■ WORK TASK ■
Copy the entries below word for word, minus the pictures.

Segment Open

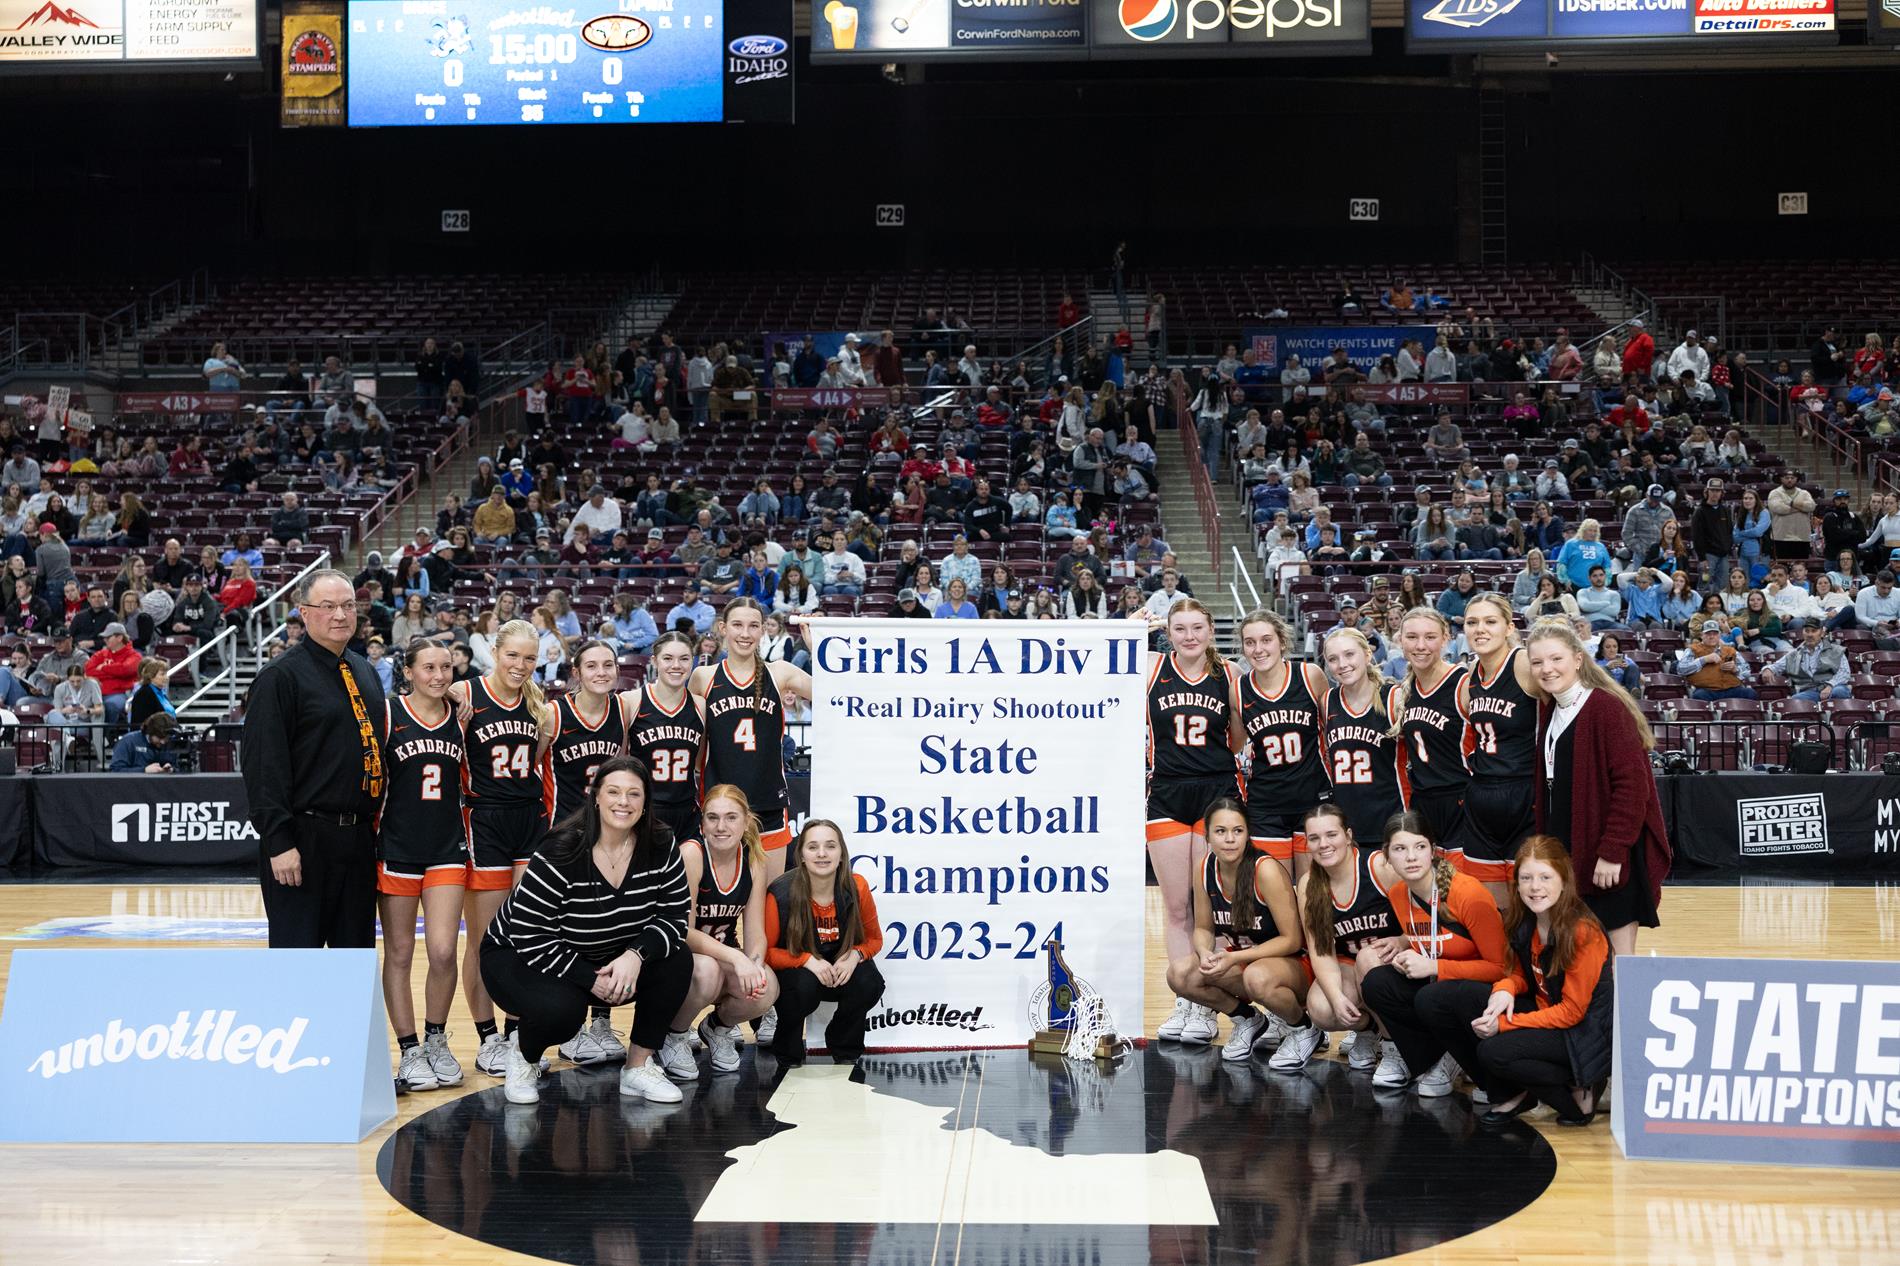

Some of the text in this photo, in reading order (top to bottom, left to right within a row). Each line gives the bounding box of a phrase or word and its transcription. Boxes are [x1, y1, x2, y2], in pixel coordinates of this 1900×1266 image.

[149, 9, 198, 19] ENERGY
[1187, 0, 1342, 39] pepsi
[1700, 18, 1826, 30] DetailDrs.com
[149, 21, 233, 31] FARM SUPPLY
[957, 29, 1080, 39] CorwinFordNampa.com
[72, 35, 122, 45] WIDE
[149, 35, 179, 45] FEED
[488, 33, 577, 64] 15:00
[740, 40, 776, 54] Ford
[289, 64, 336, 72] STAMPEDE
[444, 59, 463, 86] 0
[603, 57, 622, 85] 0
[729, 57, 788, 72] IDAHO
[878, 207, 903, 223] C29
[1352, 201, 1377, 217] C30
[1781, 195, 1805, 212] C31
[444, 213, 468, 228] C28
[1285, 338, 1395, 349] WATCH EVENTS LIVE
[173, 397, 188, 410] A3
[824, 392, 838, 406] A4
[1401, 386, 1414, 400] A5
[1582, 551, 1597, 560] 23
[817, 636, 1142, 675] Girls 1A Div II
[709, 696, 776, 717] KENDRCK
[912, 697, 984, 724] Dairy
[1157, 692, 1225, 715] KENDRICK
[1469, 696, 1516, 718] ENDRICK
[1174, 714, 1208, 746] 12
[1246, 709, 1312, 736] KENDRICK
[637, 726, 702, 747] KENDRICK
[734, 718, 756, 751] 4
[1475, 722, 1497, 755] 11
[395, 739, 464, 762] KENDRICK
[920, 734, 1037, 774] State
[1263, 732, 1302, 766] 20
[1413, 731, 1429, 763] 1
[491, 744, 530, 779] 24
[652, 749, 690, 782] 32
[1334, 750, 1373, 784] 22
[422, 763, 441, 800] 2
[156, 801, 230, 821] FIRST
[853, 796, 1100, 834] Basketball
[1742, 802, 1820, 821] PROJECT
[1878, 798, 1900, 826] M
[154, 820, 261, 842] FEDERA
[1743, 820, 1823, 843] FILTER
[1792, 842, 1824, 851] TOBACCO
[850, 855, 1110, 905] Champions
[696, 904, 745, 918] ENDRIC
[1334, 912, 1388, 938] NDRICK
[885, 921, 1065, 960] 2023-24
[1644, 979, 1900, 1076] STATE
[1644, 1072, 1900, 1128] CHAMPIONS

Segment Closed

■ SOLUTION FOR THIS EXERCISE ■
Some of the text in this photo, in reading order (top to bottom, left to right within a row). Each line gives the bounding box of a phrase or word and its transcription. Boxes are [x1, y1, x2, y2], in pixel coordinates of this 1900×1266 image.

[149, 9, 198, 19] ENERGY
[1187, 0, 1342, 39] pepsi
[1700, 18, 1826, 30] DetailDrs.com
[149, 21, 233, 31] FARM SUPPLY
[957, 29, 1080, 39] CorwinFordNampa.com
[72, 35, 122, 45] WIDE
[149, 35, 179, 45] FEED
[488, 33, 577, 64] 15:00
[740, 40, 776, 54] Ford
[289, 64, 336, 72] STAMPEDE
[444, 59, 463, 86] 0
[603, 57, 622, 85] 0
[729, 57, 788, 72] IDAHO
[878, 207, 903, 223] C29
[1352, 201, 1377, 217] C30
[1781, 195, 1805, 212] C31
[444, 213, 468, 228] C28
[1285, 338, 1395, 349] WATCH EVENTS LIVE
[173, 397, 188, 410] A3
[824, 392, 838, 406] A4
[1401, 386, 1414, 400] A5
[1582, 551, 1597, 560] 23
[817, 636, 1142, 675] Girls 1A Div II
[709, 696, 776, 717] KENDRCK
[912, 697, 984, 724] Dairy
[1157, 692, 1225, 715] KENDRICK
[1469, 696, 1516, 718] ENDRICK
[1174, 714, 1208, 746] 12
[1246, 709, 1312, 736] KENDRICK
[637, 726, 702, 747] KENDRICK
[734, 718, 756, 751] 4
[1475, 722, 1497, 755] 11
[395, 739, 464, 762] KENDRICK
[920, 734, 1037, 774] State
[1263, 732, 1302, 766] 20
[1413, 731, 1429, 763] 1
[491, 744, 530, 779] 24
[652, 749, 690, 782] 32
[1334, 750, 1373, 784] 22
[422, 763, 441, 800] 2
[156, 801, 230, 821] FIRST
[853, 796, 1100, 834] Basketball
[1742, 802, 1820, 821] PROJECT
[1878, 798, 1900, 826] M
[154, 820, 261, 842] FEDERA
[1743, 820, 1823, 843] FILTER
[1792, 842, 1824, 851] TOBACCO
[850, 855, 1110, 905] Champions
[696, 904, 745, 918] ENDRIC
[1334, 912, 1388, 938] NDRICK
[885, 921, 1065, 960] 2023-24
[1644, 979, 1900, 1076] STATE
[1644, 1072, 1900, 1128] CHAMPIONS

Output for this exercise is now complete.